I also just noticed that the negative wire is significantly thinner than the 2/0 incoming positive, so maybe my concerns about interrupt rating are overblown.
As indicated by the *, the "smaller" gauge wires on the ones coming off of the BMS. So yes, "my" wiring, where I could choose gauge, is all proper. But the 2 and 6 ga on the BMS's are small from my calculation, but Daly insists they are fine and I don't know of anyone who changed them as it would be a PITA.
 
The Victron shunt should have enough threads on the bolt that two lugs (one from each battery) will fit. That's how I did mine. I'm not seeing enough difference in amp draw through each BMS that would lead me to believe that stacking two lugs will throw off the balance between the batteries.

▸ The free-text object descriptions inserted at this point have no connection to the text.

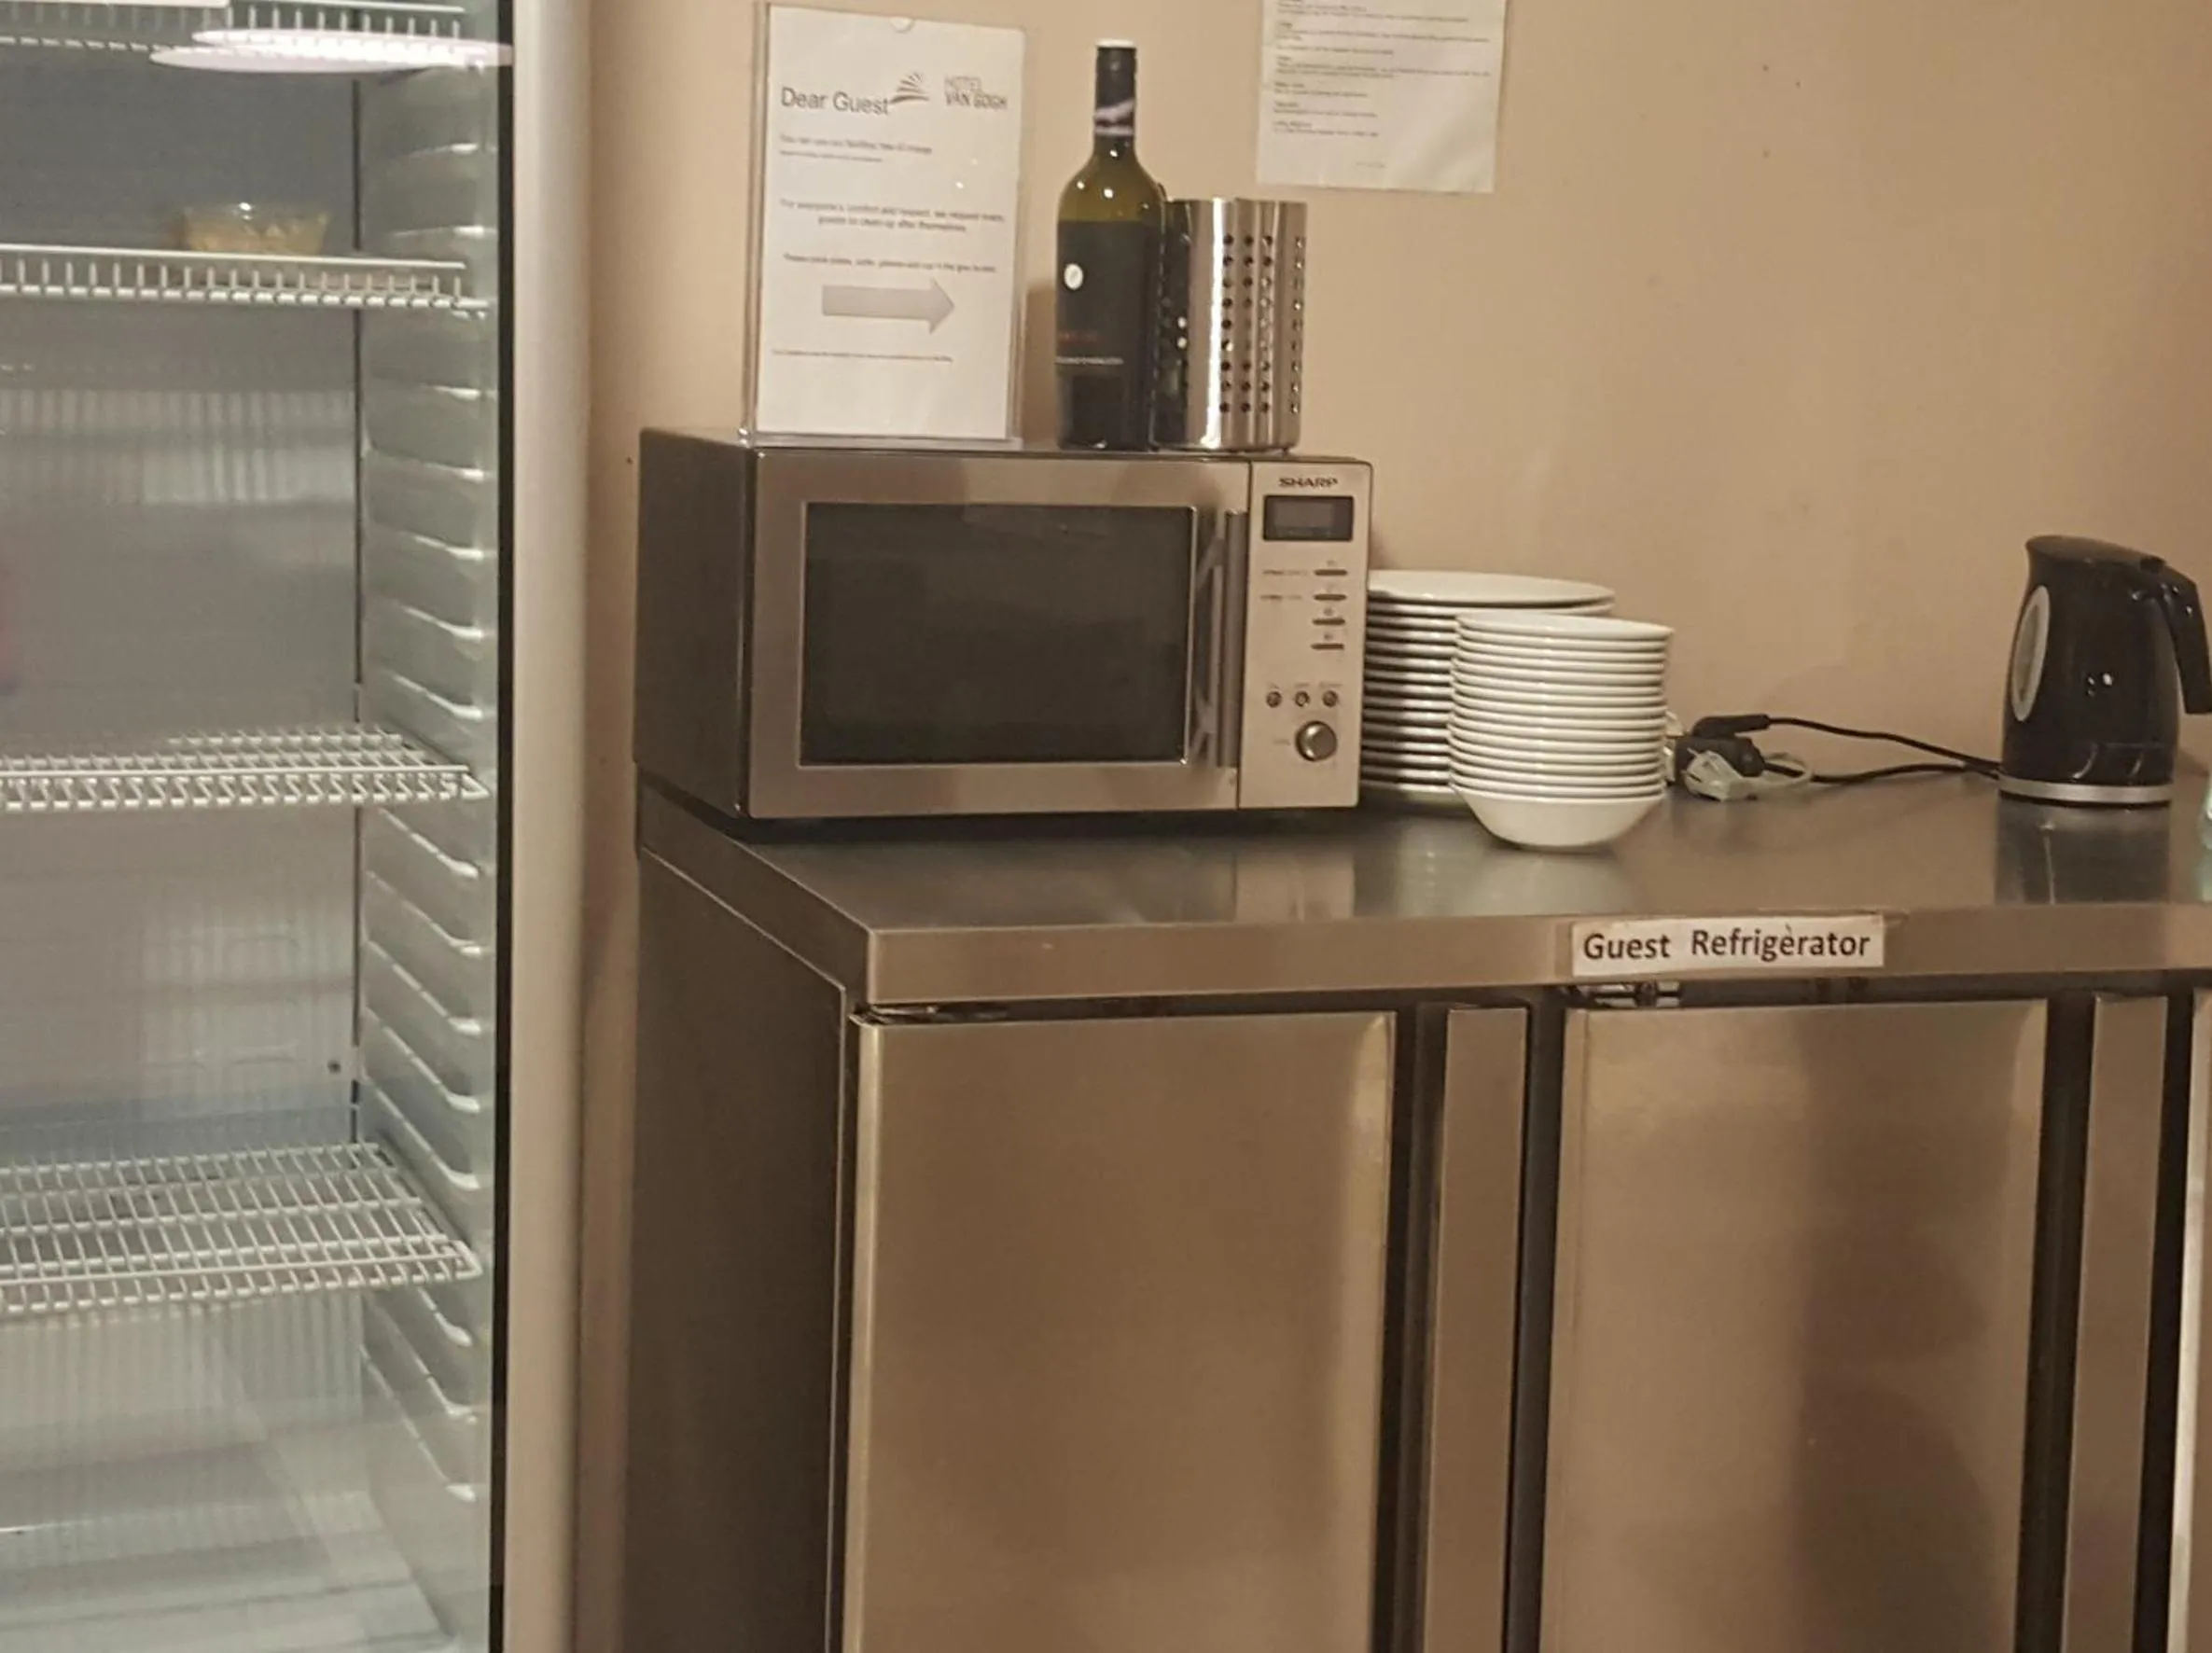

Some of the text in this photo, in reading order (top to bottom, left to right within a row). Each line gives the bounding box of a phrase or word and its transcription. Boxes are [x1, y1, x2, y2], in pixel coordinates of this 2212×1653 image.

[781, 87, 889, 115] Dear Guest
[1278, 477, 1338, 488] SHARP
[1583, 929, 1871, 962] Guest Refrigerator
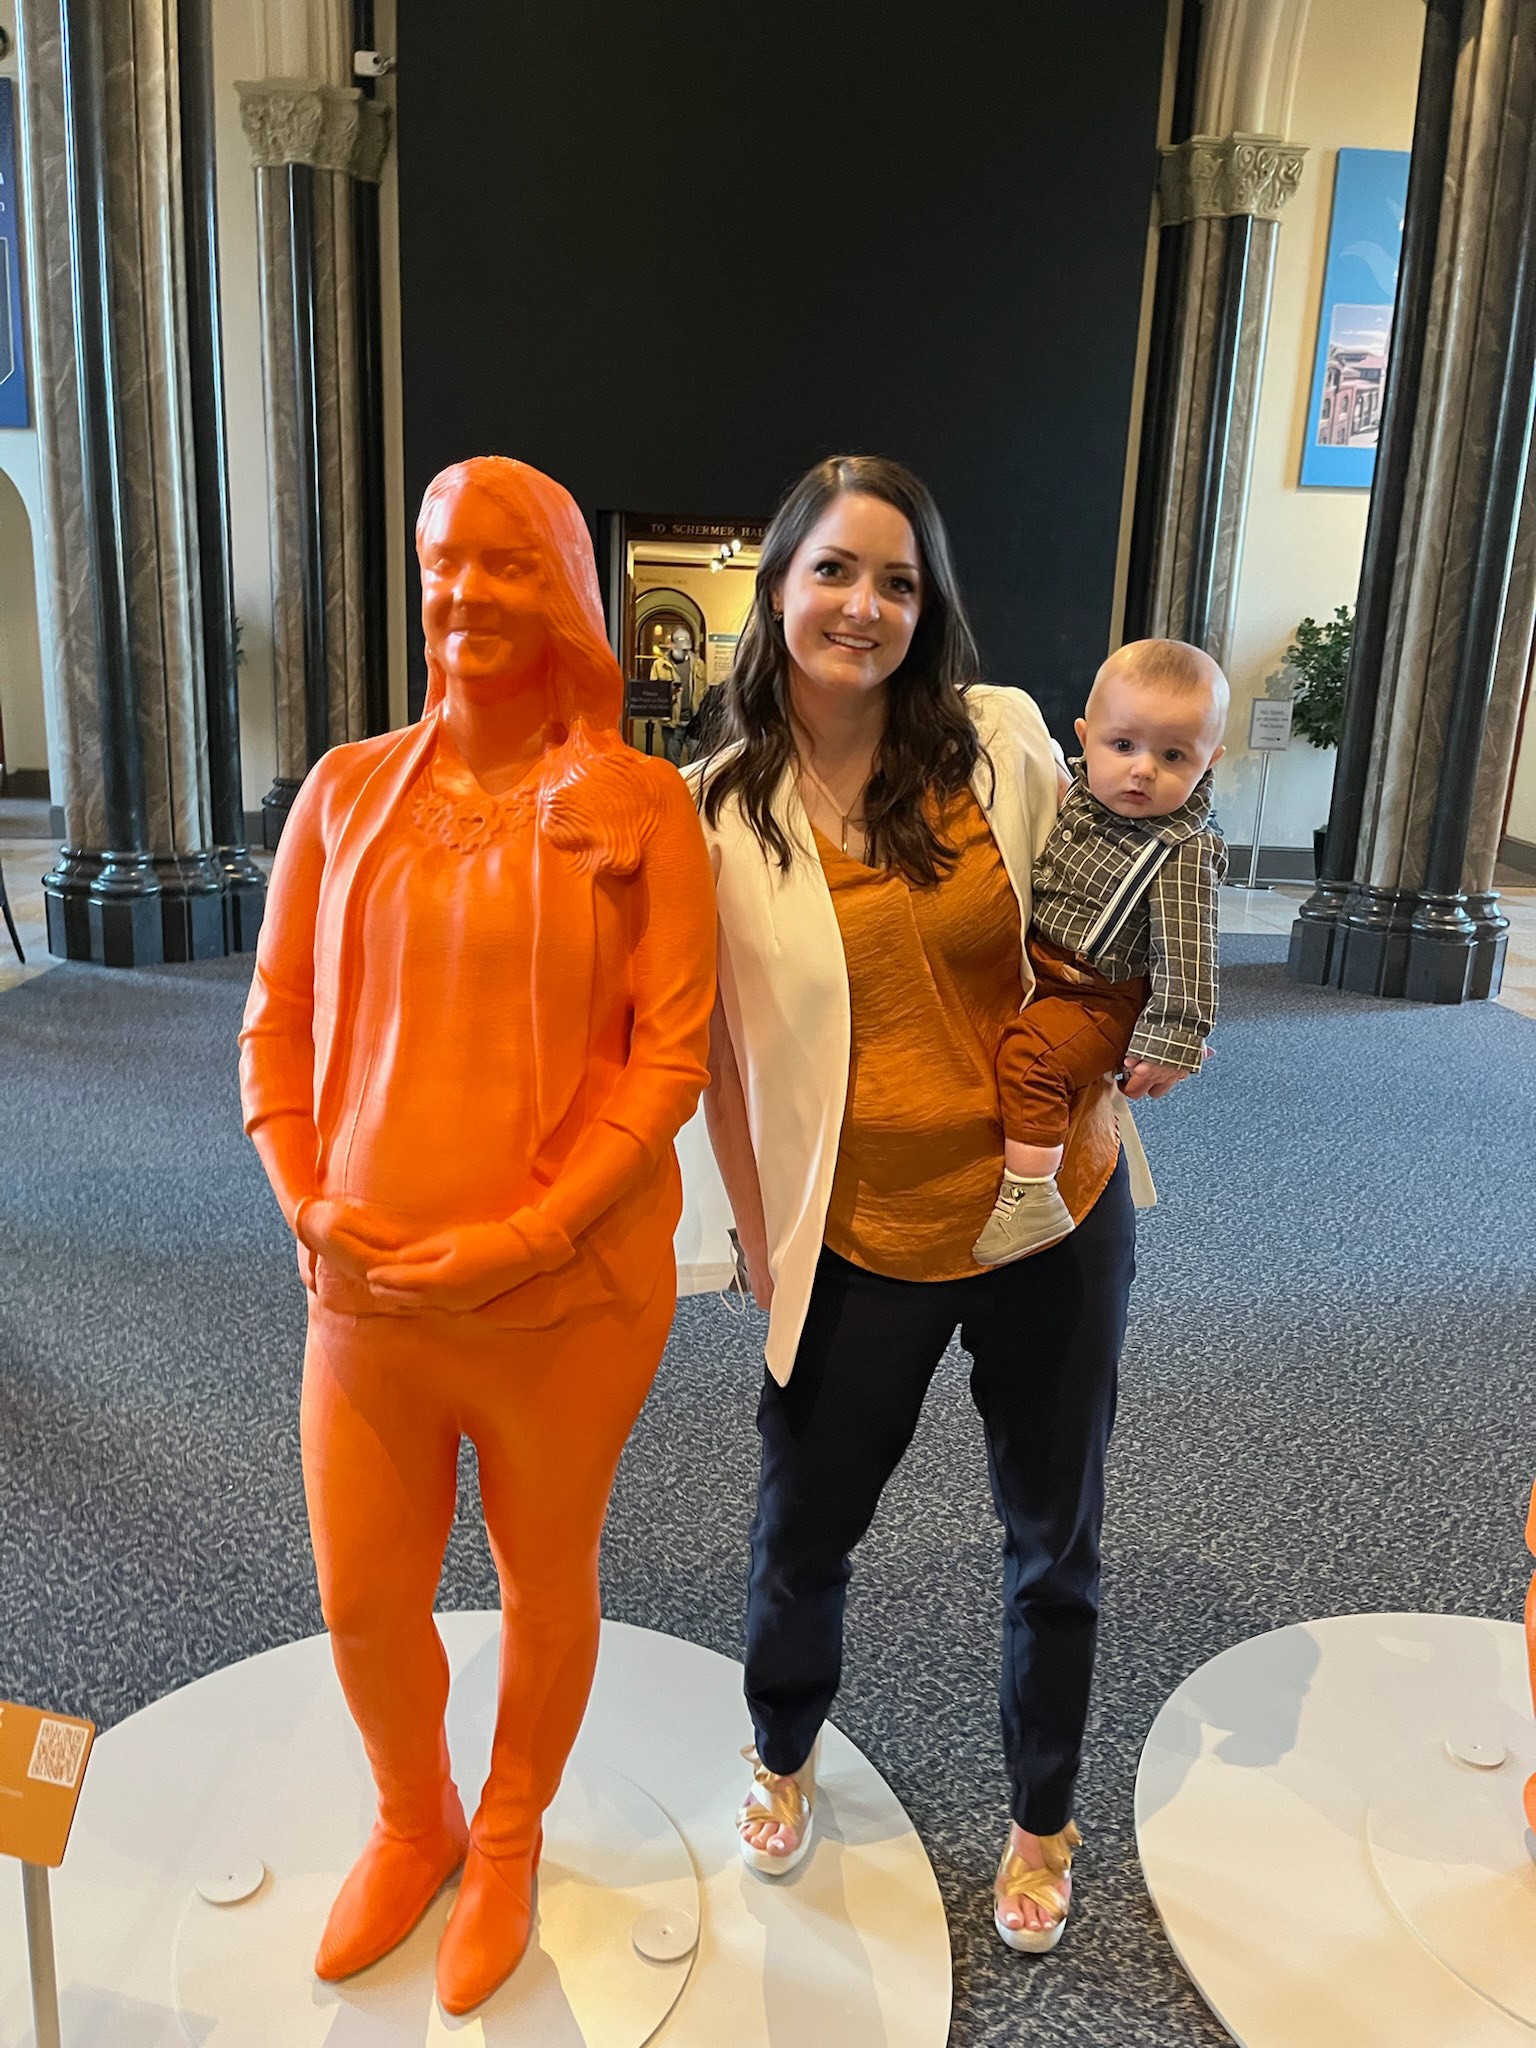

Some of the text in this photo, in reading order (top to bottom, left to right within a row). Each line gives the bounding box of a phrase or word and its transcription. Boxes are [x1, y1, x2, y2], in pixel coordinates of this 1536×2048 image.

[650, 523, 767, 538] TO SCHERMER HAL

Joining the two battery cables with a bus bar or something similar may be a better way to fine tune the balance. But like I said, it's looking good on my system.

The revised diagram (version M) looks good.
 
The Victron shunt should have enough threads on the bolt that two lugs (one from each battery) will fit. That's how I did mine. I'm not seeing enough difference in amp draw through each BMS that would lead me to believe that stacking two lugs will throw off the balance between the batteries. Joining the two battery cables with a bus bar or something similar may be a better way to fine tune the balance. But like I said, it's looking good on my system.

The revised diagram (version M) looks good.
We aren't talking about the negative side :) The positive side has four connection points and five wires going to it. Three are 2/0, but one is 6ga and one is 10ga which I think would be fine on a common connector.
 
We aren't talking about the negative side :) The positive side has four connection points and five wires going to it. Three are 2/0, but one is 6ga and one is 10ga which I think would be fine on a common connector.

Yes, I know. I was letting you know that joining the batteries at the shunt is possible. It isn't necessary to join the battery negative cables with a bus bar and then run cable from the bus bar to the shunt.
 
Yes, I know. I was letting you know that joining the batteries at the shunt is possible. It isn't necessary to join the battery negative cables with a bus bar and then run cable from the bus bar to the shunt.
Actually, if you look at my last version, it shows the two negative cables going from the BMS to the shunt as you suggested. In the last change to the drawing, the bus bar was moved to the other side of the shunt such that only the battery negative goes into the shunt and I will put both connectors on the rather large shunt bolt.